======== Given data
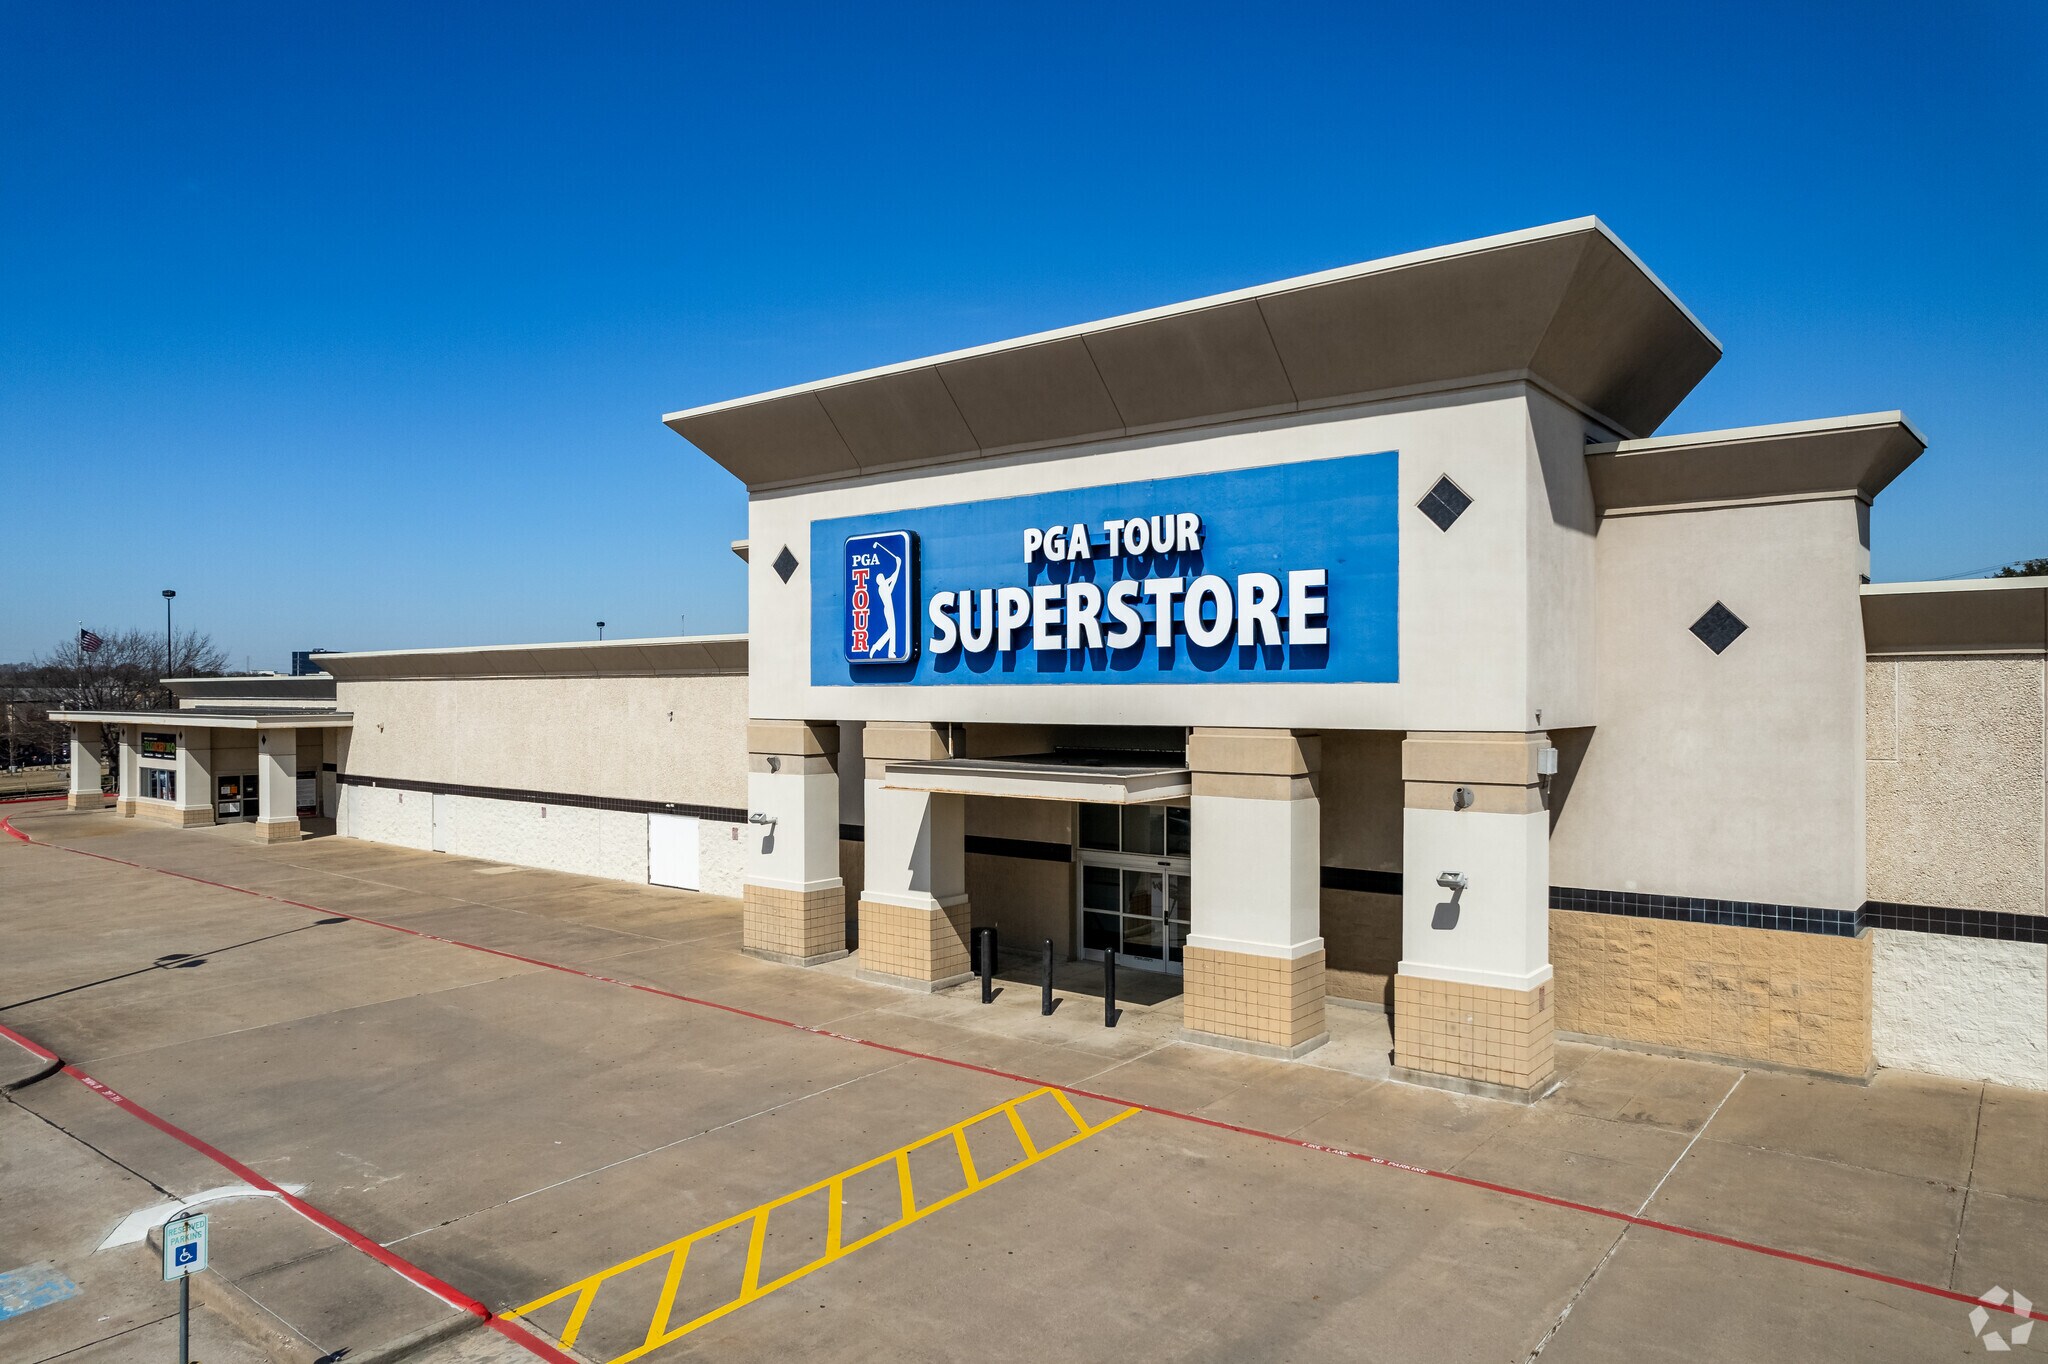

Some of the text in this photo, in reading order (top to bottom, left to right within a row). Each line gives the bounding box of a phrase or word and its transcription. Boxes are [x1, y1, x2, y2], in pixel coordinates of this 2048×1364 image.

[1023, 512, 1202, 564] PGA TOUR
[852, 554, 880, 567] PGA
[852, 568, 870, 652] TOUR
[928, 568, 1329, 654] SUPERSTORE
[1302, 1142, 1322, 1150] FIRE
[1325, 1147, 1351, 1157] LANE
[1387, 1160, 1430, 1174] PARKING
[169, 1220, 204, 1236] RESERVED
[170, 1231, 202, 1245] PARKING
================
:: Required action ::
Please print each entry exactly as it stands, without the pictures.

:: Reply ::
Some of the text in this photo, in reading order (top to bottom, left to right within a row). Each line gives the bounding box of a phrase or word and its transcription. Boxes are [x1, y1, x2, y2], in pixel coordinates of this 2048×1364 image.

[1023, 512, 1202, 564] PGA TOUR
[852, 554, 880, 567] PGA
[852, 568, 870, 652] TOUR
[928, 568, 1329, 654] SUPERSTORE
[1302, 1142, 1322, 1150] FIRE
[1325, 1147, 1351, 1157] LANE
[1387, 1160, 1430, 1174] PARKING
[169, 1220, 204, 1236] RESERVED
[170, 1231, 202, 1245] PARKING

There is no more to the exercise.